--- RECORDS FOR THE EXERCISE Enclosed Below ---

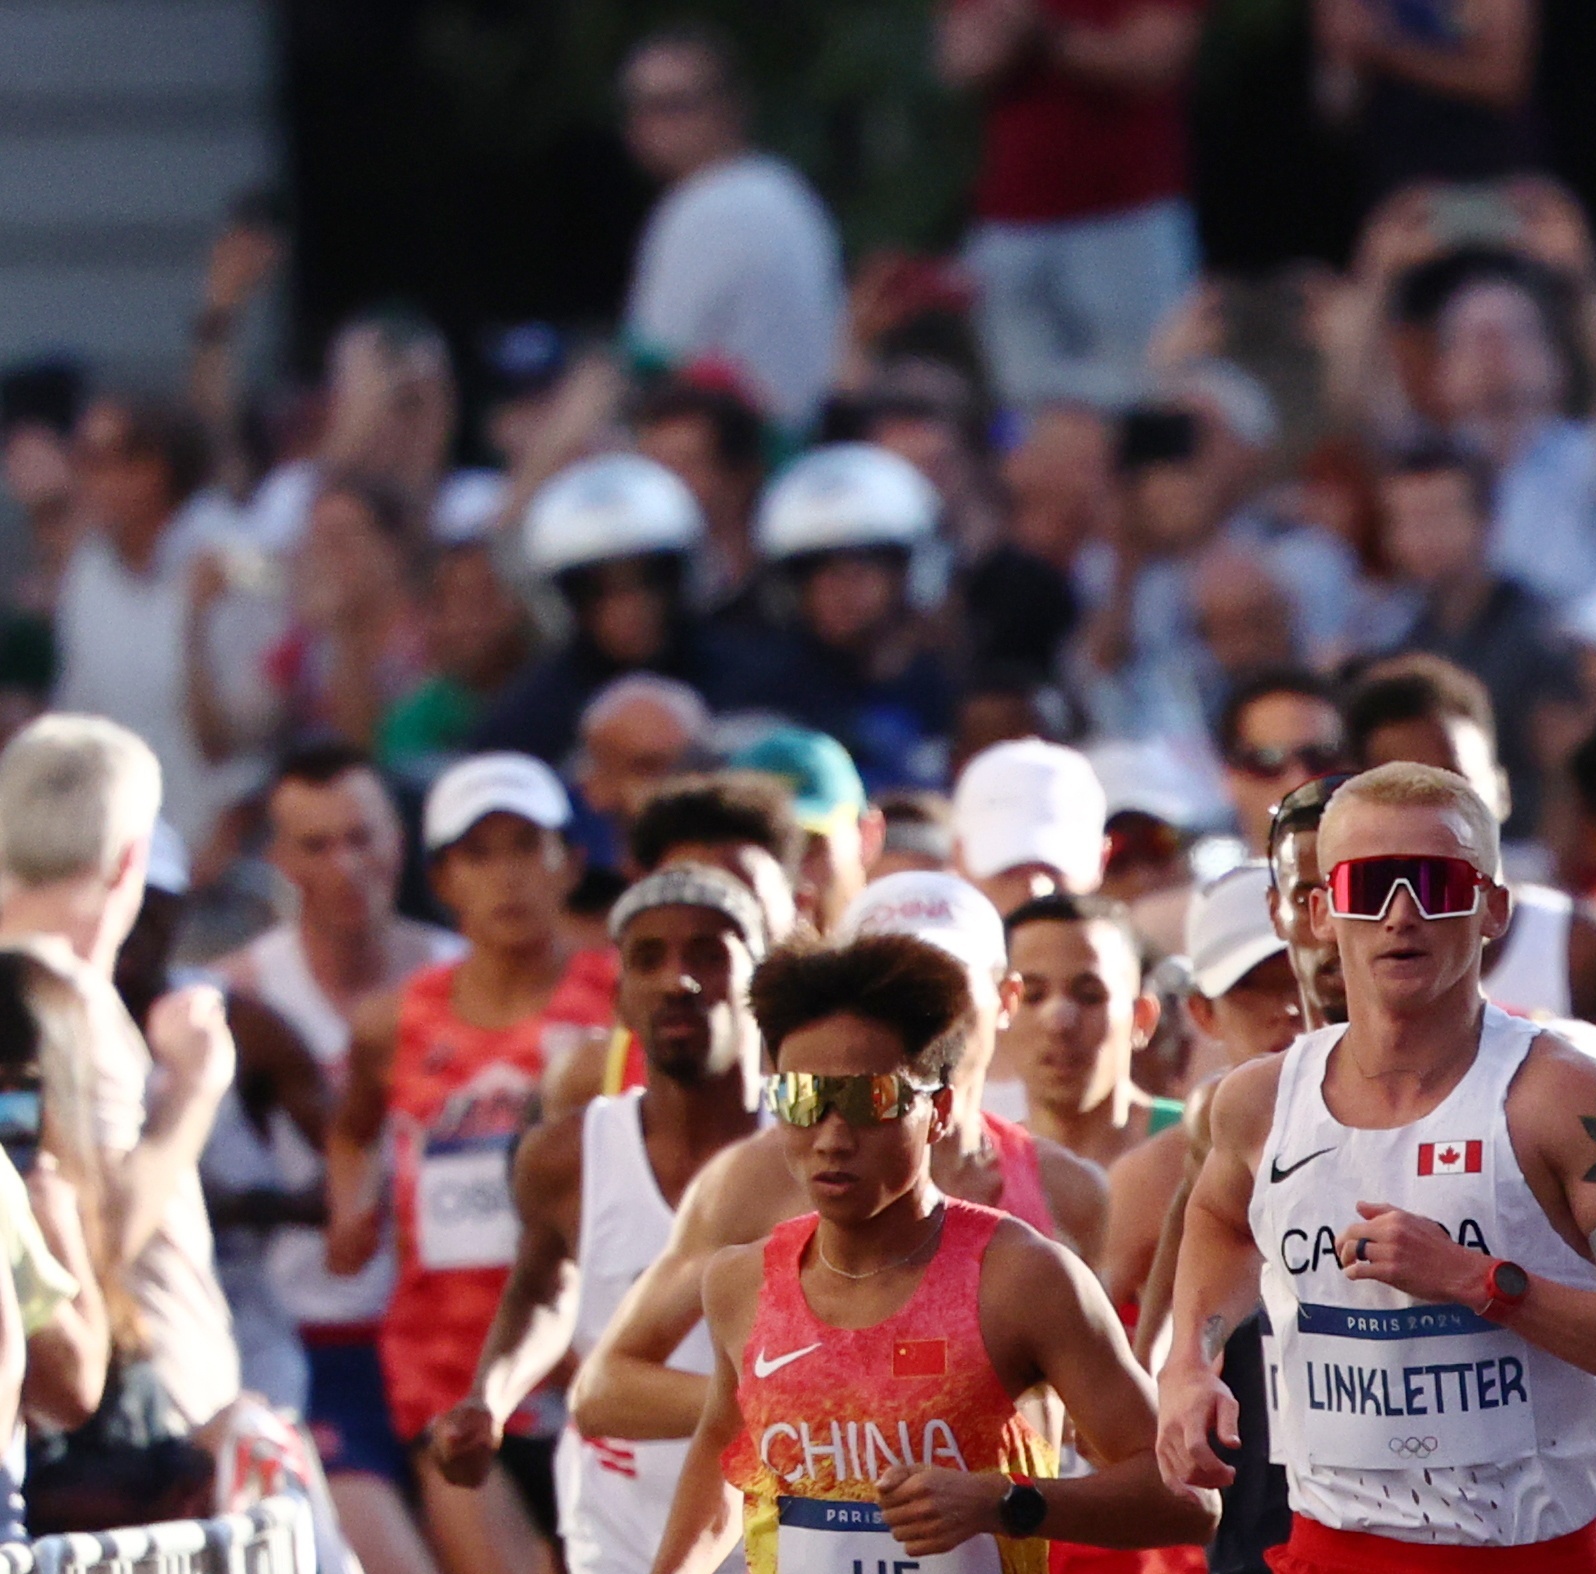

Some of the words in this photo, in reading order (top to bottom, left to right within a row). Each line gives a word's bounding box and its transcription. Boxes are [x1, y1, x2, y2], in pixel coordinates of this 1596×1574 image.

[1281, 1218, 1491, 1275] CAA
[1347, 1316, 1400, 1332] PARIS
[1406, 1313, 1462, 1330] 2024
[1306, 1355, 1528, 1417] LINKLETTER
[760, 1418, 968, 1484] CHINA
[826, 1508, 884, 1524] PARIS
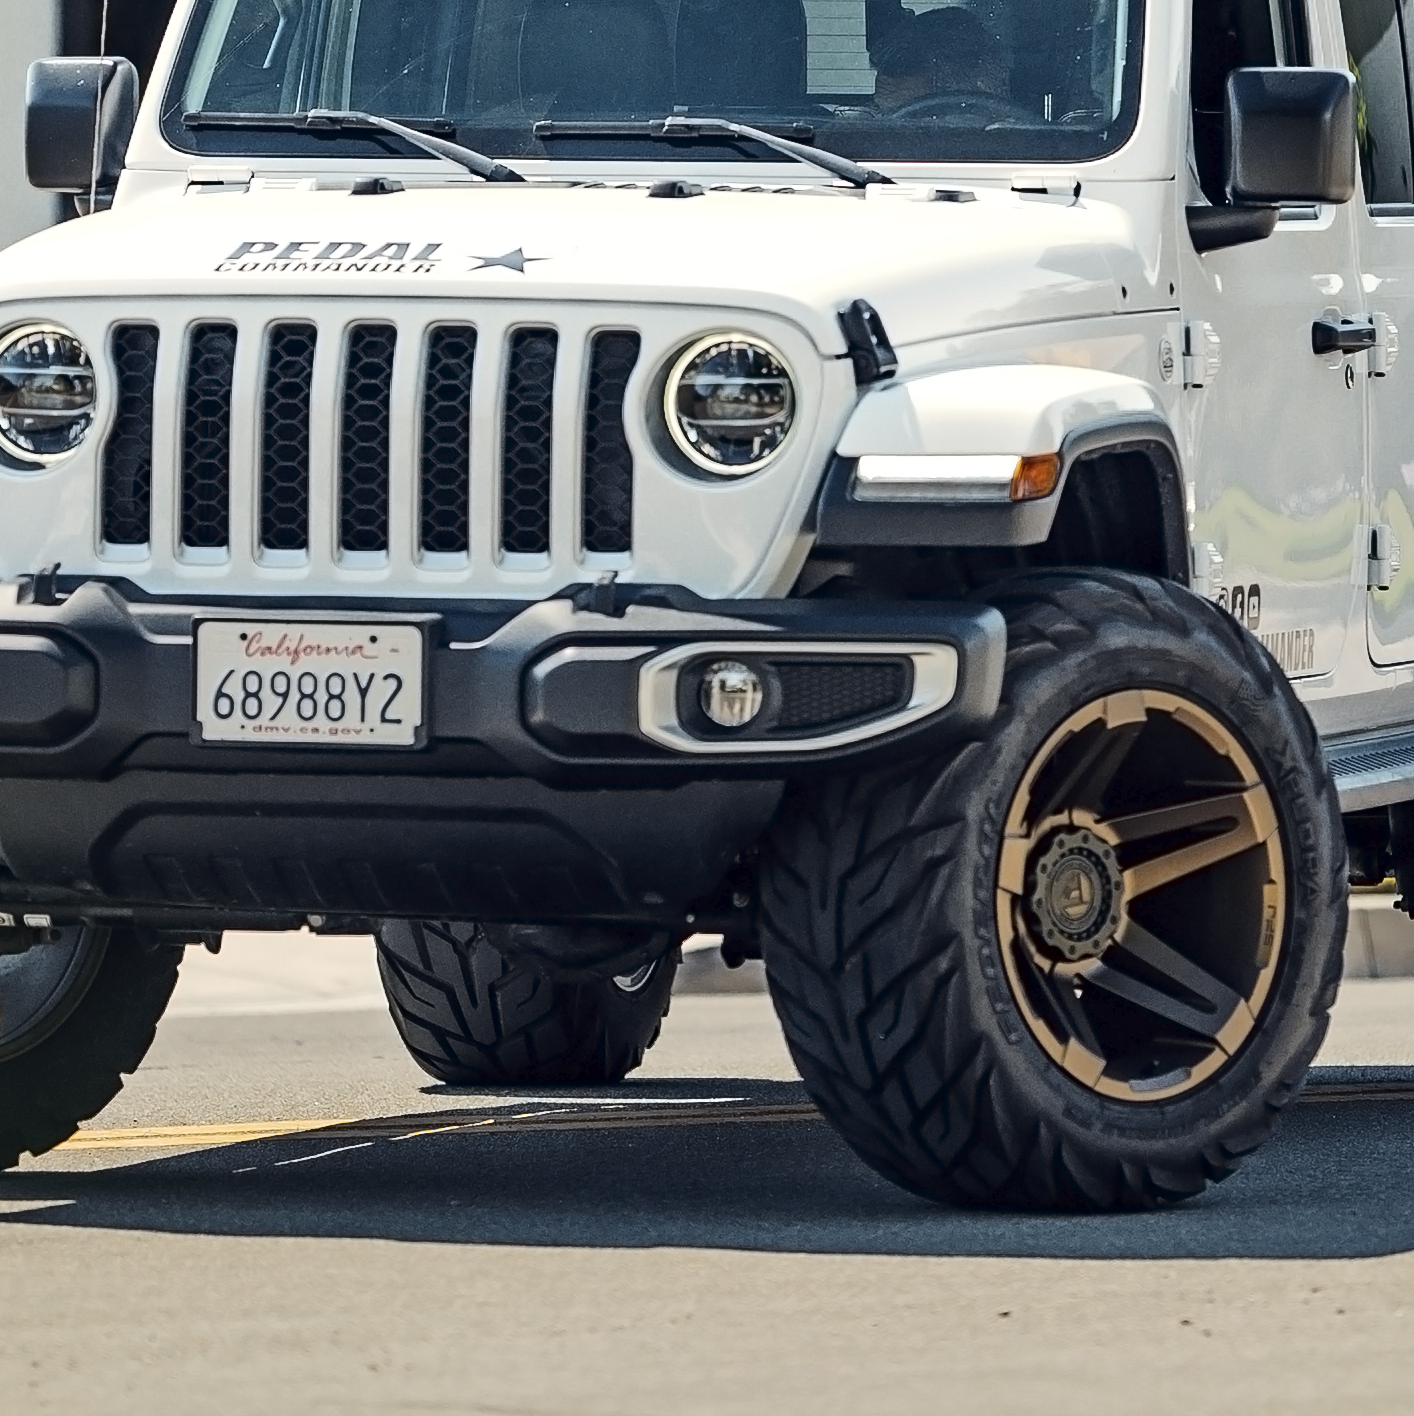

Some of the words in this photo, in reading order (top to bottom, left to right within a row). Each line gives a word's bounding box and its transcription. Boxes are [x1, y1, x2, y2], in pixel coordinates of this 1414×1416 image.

--- End of Enclosed RECORDS FOR THE EXERCISE ---

ASSIGNMENT
Leaving the pictures aside, transcribe the entire listing exactly.

COMPLETED EXERCISE
Some of the words in this photo, in reading order (top to bottom, left to right within a row). Each line gives a word's bounding box and its transcription. Boxes are [x1, y1, x2, y2], in pixel coordinates of this 1596×1574 image.

[1281, 1218, 1491, 1275] CAA
[1347, 1316, 1400, 1332] PARIS
[1406, 1313, 1462, 1330] 2024
[1306, 1355, 1528, 1417] LINKLETTER
[760, 1418, 968, 1484] CHINA
[826, 1508, 884, 1524] PARIS

Some of the words in this photo, in reading order (top to bottom, left to right within a row). Each line gives a word's bounding box and its transcription. Boxes are [x1, y1, x2, y2], in pixel coordinates of this 1414×1416 image.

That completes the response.